◆ **WHAT TO PRODUCE**
Copy out the data exactly, leaving the pictures behind.

◆ **Spatial localization data**
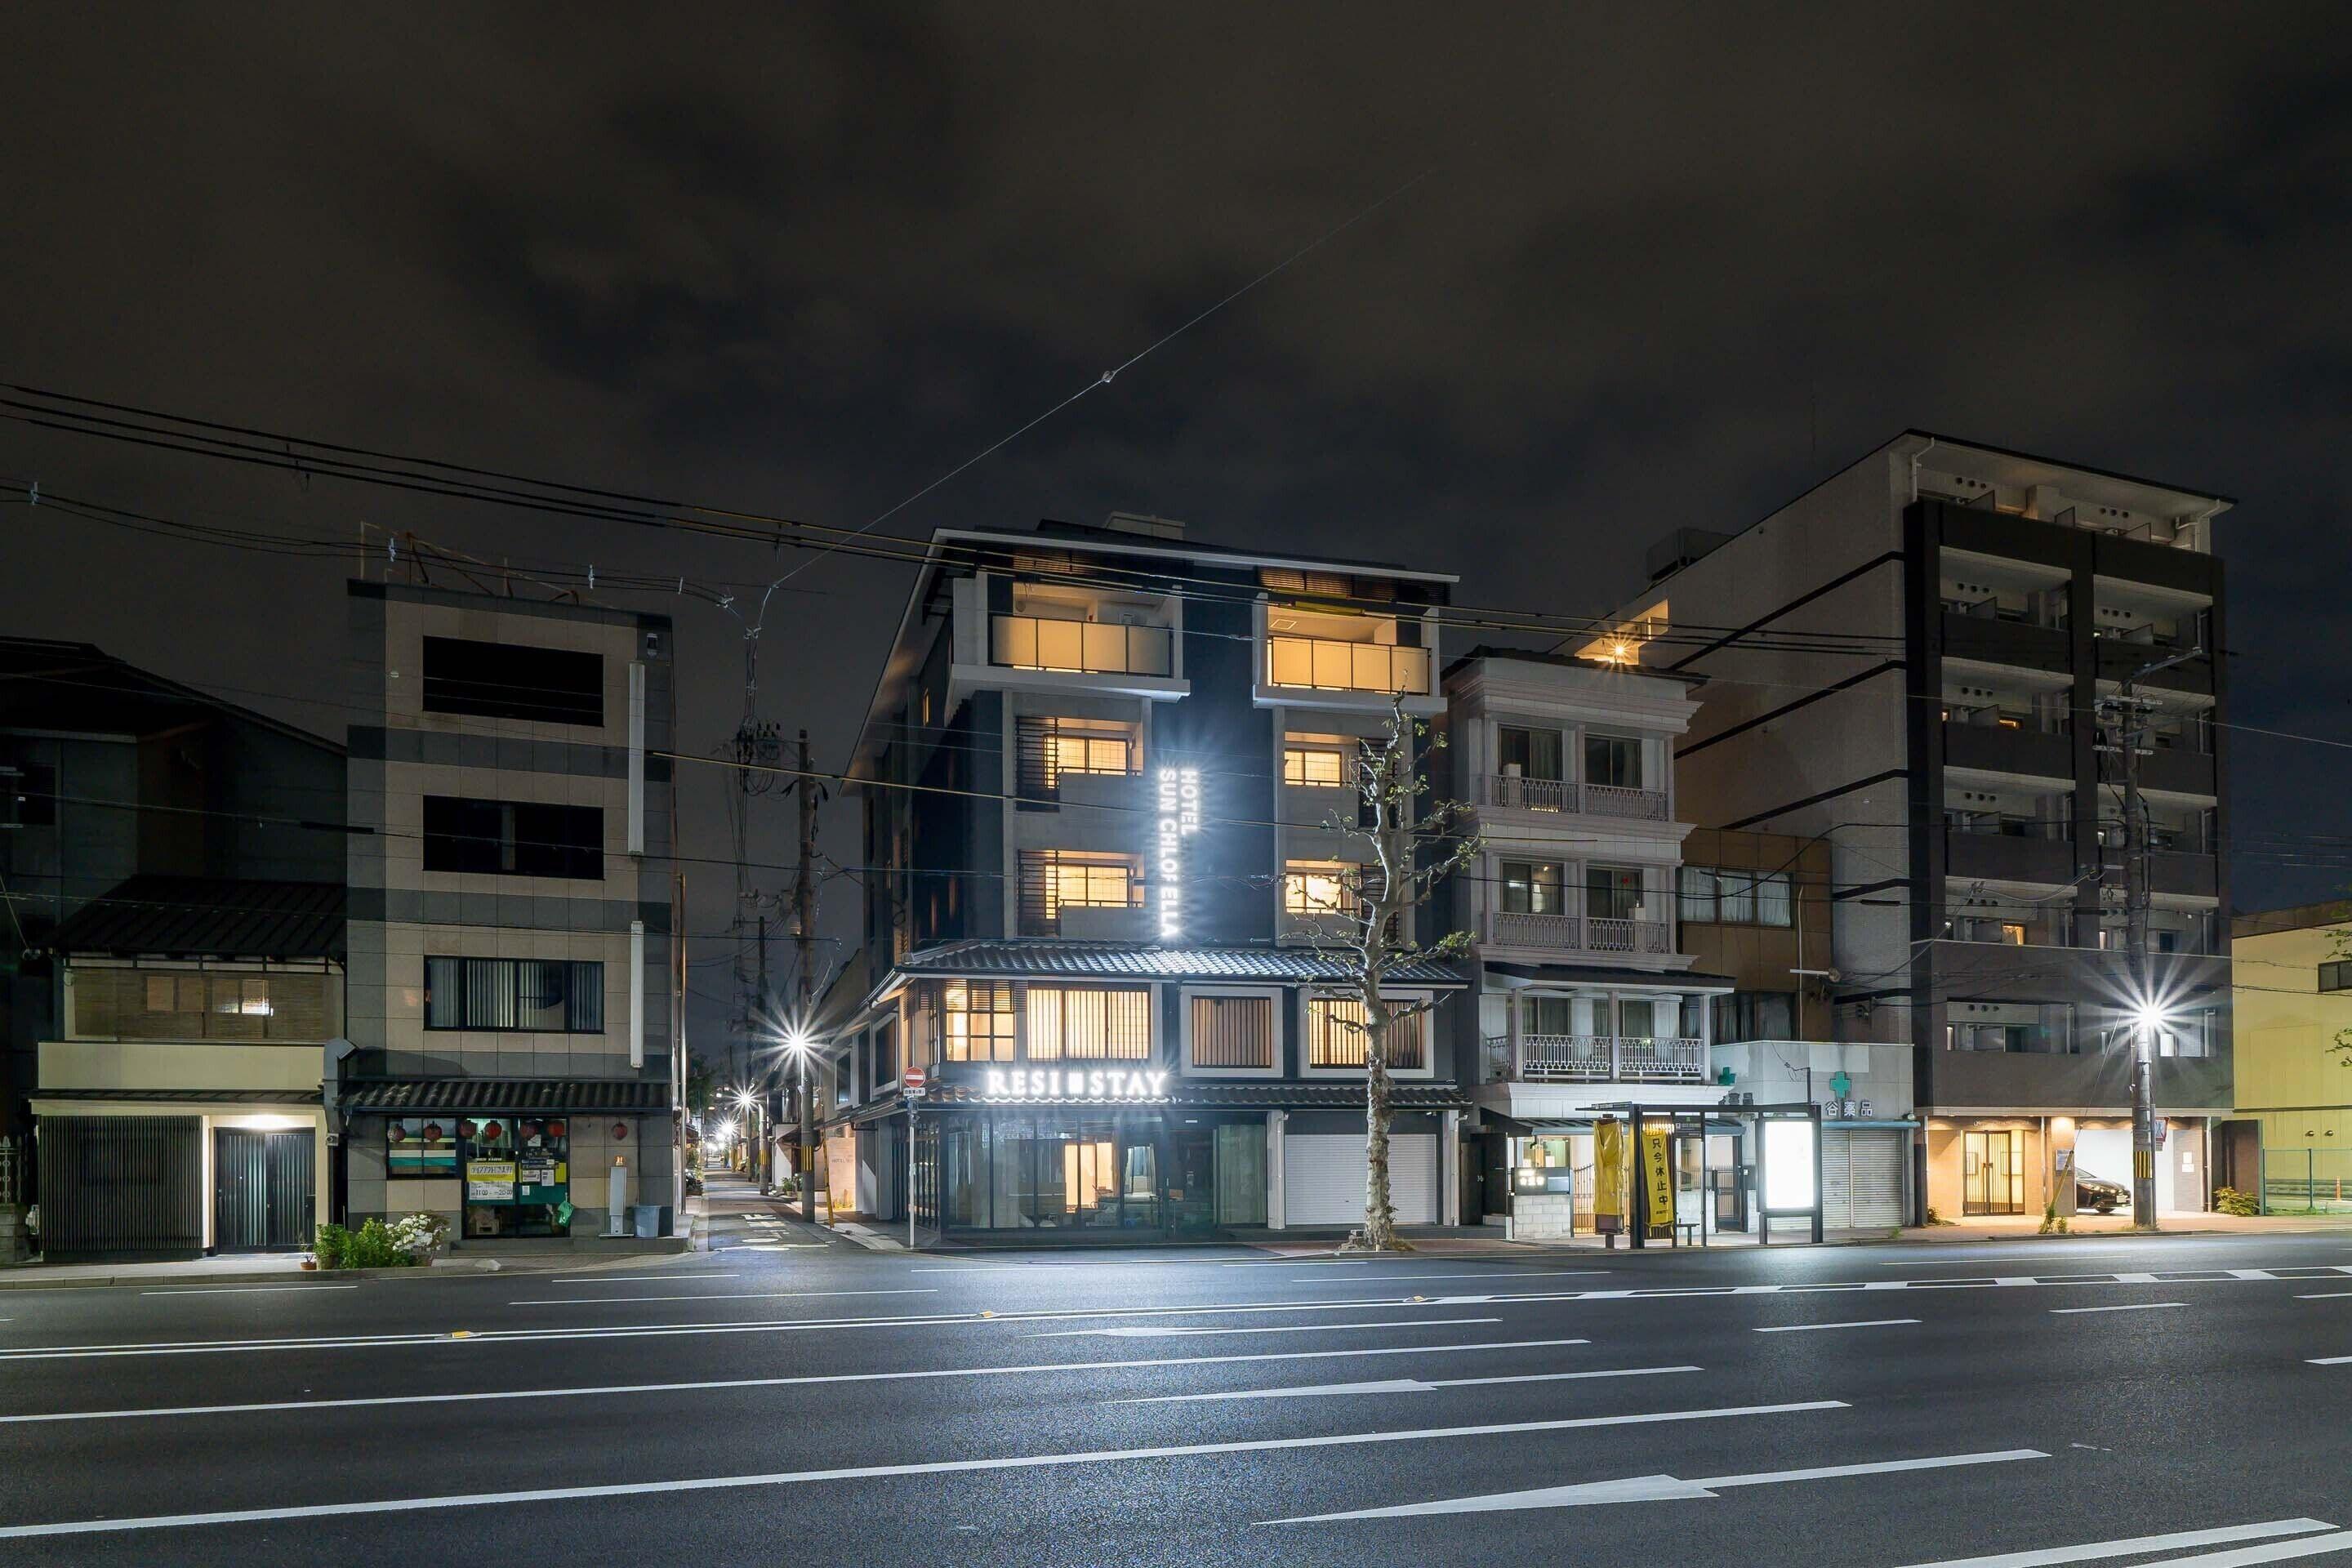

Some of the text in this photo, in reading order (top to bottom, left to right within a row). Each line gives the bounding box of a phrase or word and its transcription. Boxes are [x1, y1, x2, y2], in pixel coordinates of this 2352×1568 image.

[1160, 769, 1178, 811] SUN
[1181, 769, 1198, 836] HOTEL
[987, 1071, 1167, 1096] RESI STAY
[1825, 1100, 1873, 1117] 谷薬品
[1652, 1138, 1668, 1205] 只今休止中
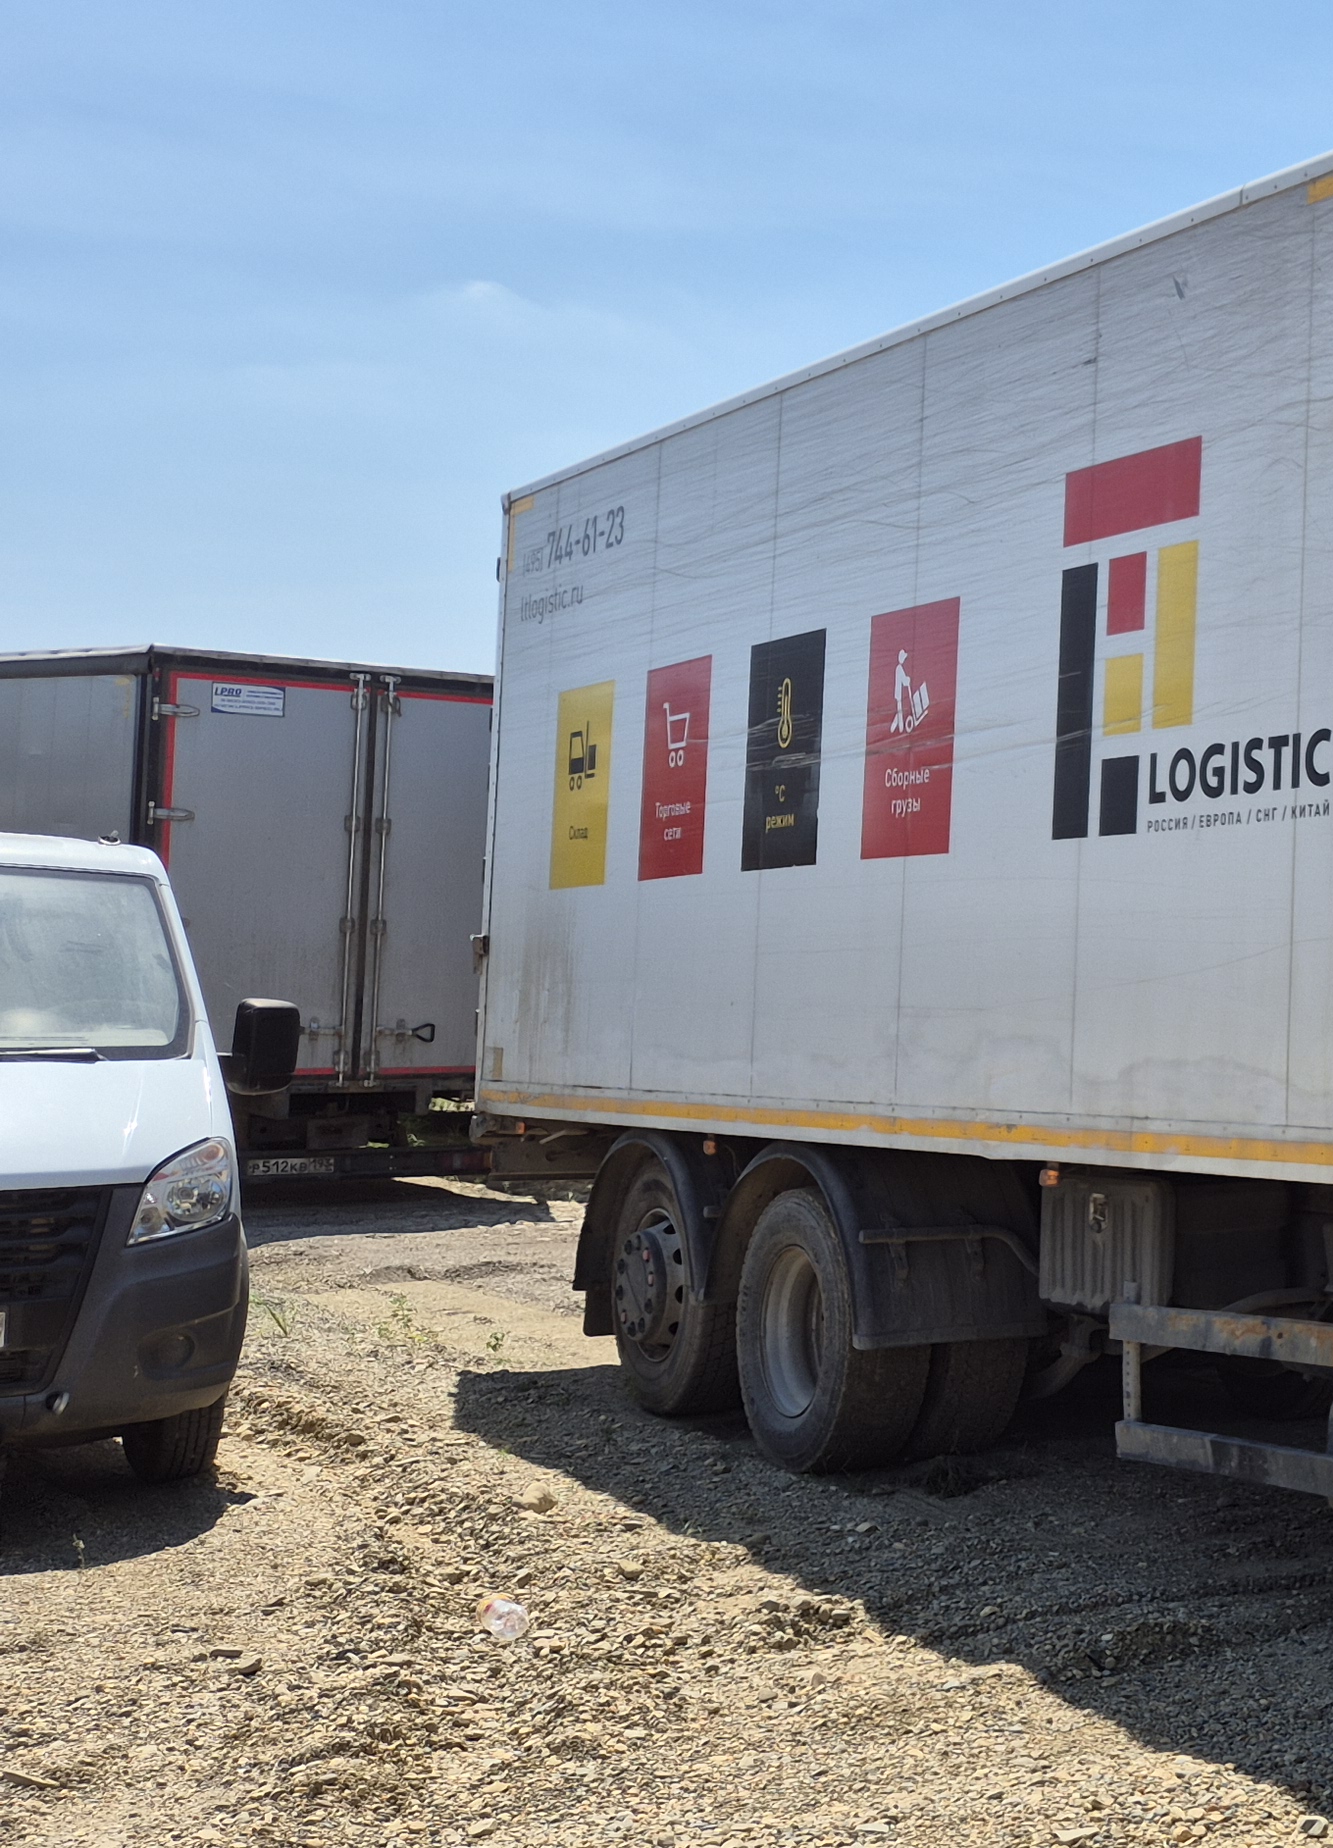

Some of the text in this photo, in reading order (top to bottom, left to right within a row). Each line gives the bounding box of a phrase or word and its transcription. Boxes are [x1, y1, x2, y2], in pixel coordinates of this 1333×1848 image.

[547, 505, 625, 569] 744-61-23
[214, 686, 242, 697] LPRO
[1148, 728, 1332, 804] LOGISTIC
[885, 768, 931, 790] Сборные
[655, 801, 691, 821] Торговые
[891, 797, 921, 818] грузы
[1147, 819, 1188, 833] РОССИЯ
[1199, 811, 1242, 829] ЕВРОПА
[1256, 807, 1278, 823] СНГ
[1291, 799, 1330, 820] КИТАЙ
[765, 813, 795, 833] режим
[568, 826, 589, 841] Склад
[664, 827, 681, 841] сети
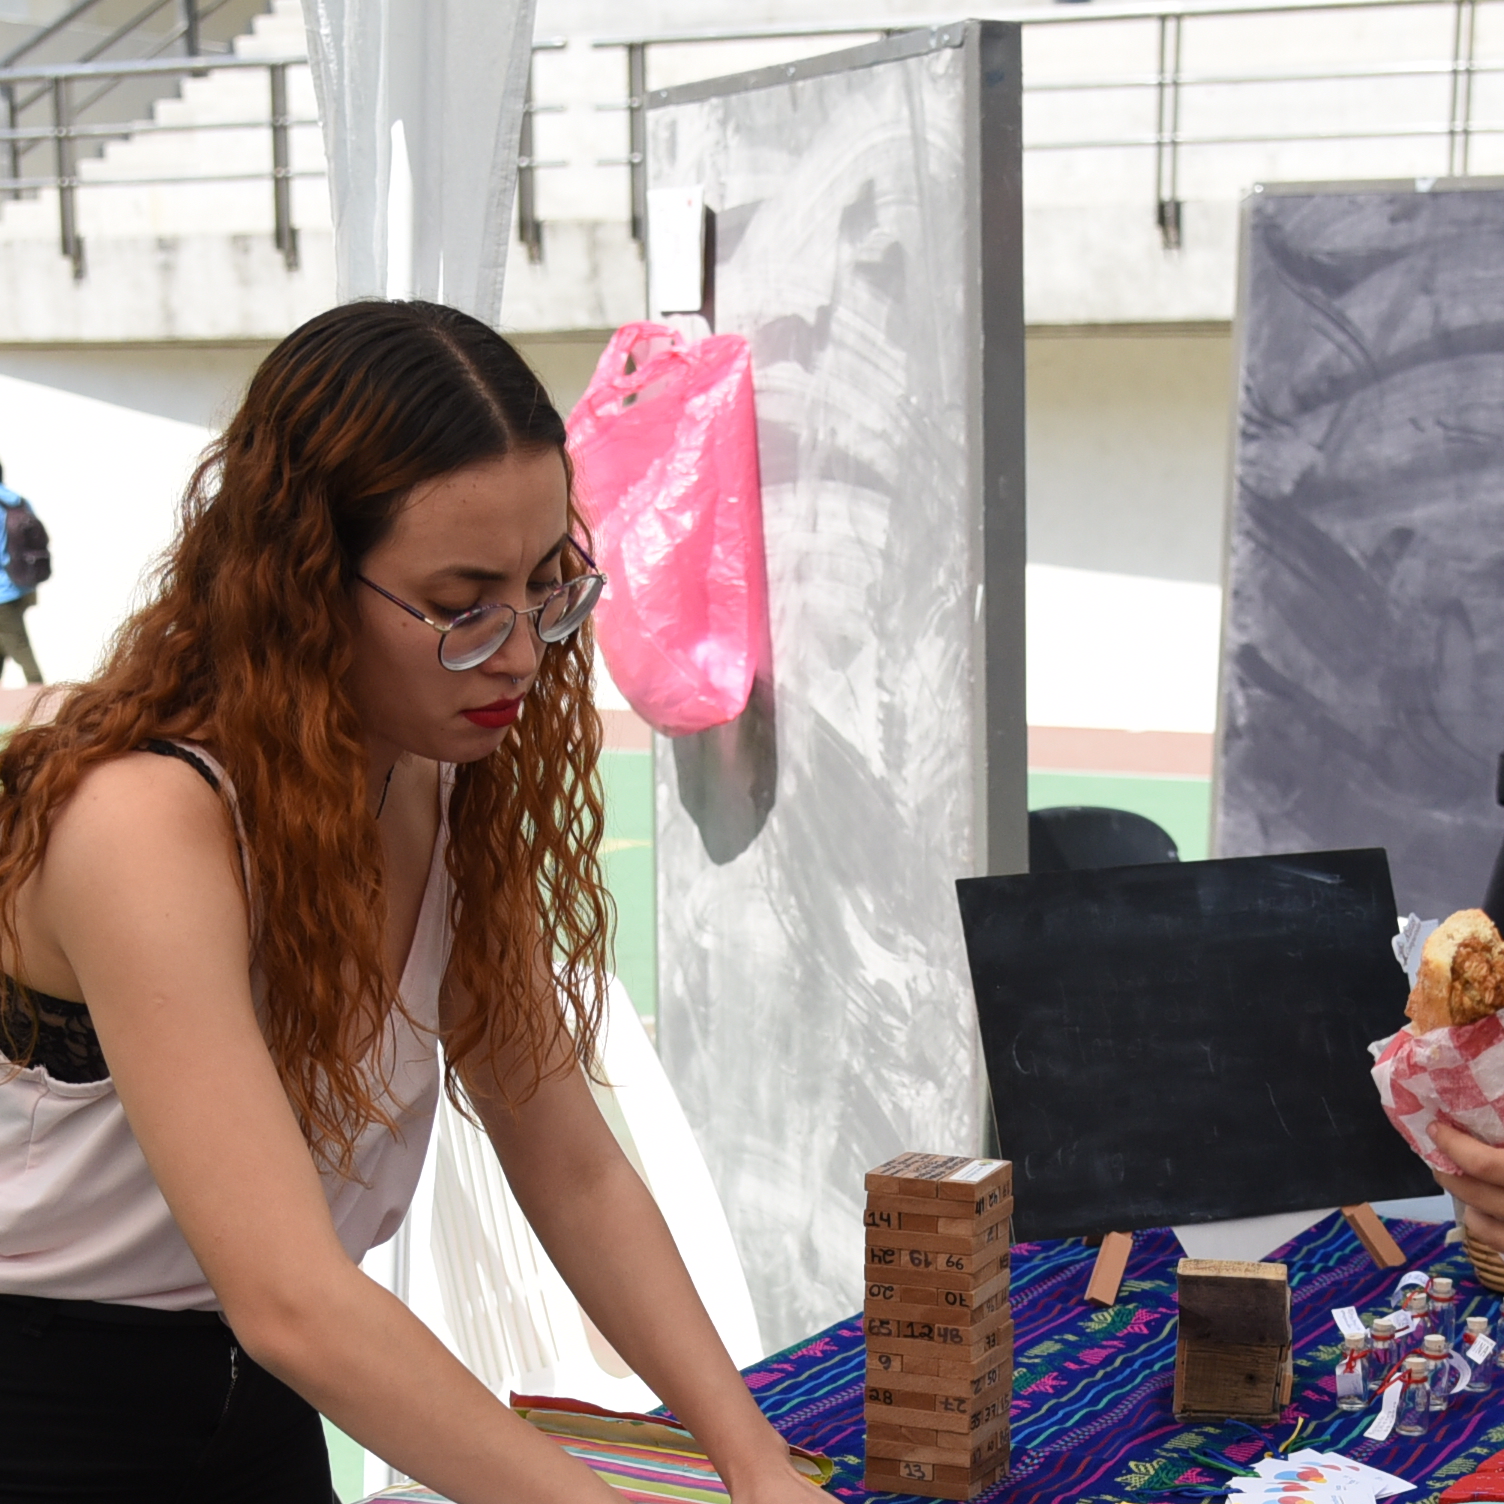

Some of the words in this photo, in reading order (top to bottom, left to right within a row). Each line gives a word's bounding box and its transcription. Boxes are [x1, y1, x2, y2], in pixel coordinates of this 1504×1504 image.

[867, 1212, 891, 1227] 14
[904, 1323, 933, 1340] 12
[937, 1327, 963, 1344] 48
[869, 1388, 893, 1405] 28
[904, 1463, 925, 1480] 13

◆ **COMPLETED EXERCISE**
Some of the text in this photo, in reading order (top to bottom, left to right within a row). Each line gives the bounding box of a phrase or word and its transcription. Boxes are [x1, y1, x2, y2], in pixel coordinates of this 2352×1568 image.

[1160, 769, 1178, 811] SUN
[1181, 769, 1198, 836] HOTEL
[987, 1071, 1167, 1096] RESI STAY
[1825, 1100, 1873, 1117] 谷薬品
[1652, 1138, 1668, 1205] 只今休止中

Some of the text in this photo, in reading order (top to bottom, left to right within a row). Each line gives the bounding box of a phrase or word and its transcription. Boxes are [x1, y1, x2, y2], in pixel coordinates of this 1333×1848 image.

[547, 505, 625, 569] 744-61-23
[214, 686, 242, 697] LPRO
[1148, 728, 1332, 804] LOGISTIC
[885, 768, 931, 790] Сборные
[655, 801, 691, 821] Торговые
[891, 797, 921, 818] грузы
[1147, 819, 1188, 833] РОССИЯ
[1199, 811, 1242, 829] ЕВРОПА
[1256, 807, 1278, 823] СНГ
[1291, 799, 1330, 820] КИТАЙ
[765, 813, 795, 833] режим
[568, 826, 589, 841] Склад
[664, 827, 681, 841] сети

Some of the words in this photo, in reading order (top to bottom, left to right within a row). Each line gives a word's bounding box and its transcription. Boxes are [x1, y1, x2, y2], in pixel coordinates of this 1504×1504 image.

[867, 1212, 891, 1227] 14
[904, 1323, 933, 1340] 12
[937, 1327, 963, 1344] 48
[869, 1388, 893, 1405] 28
[904, 1463, 925, 1480] 13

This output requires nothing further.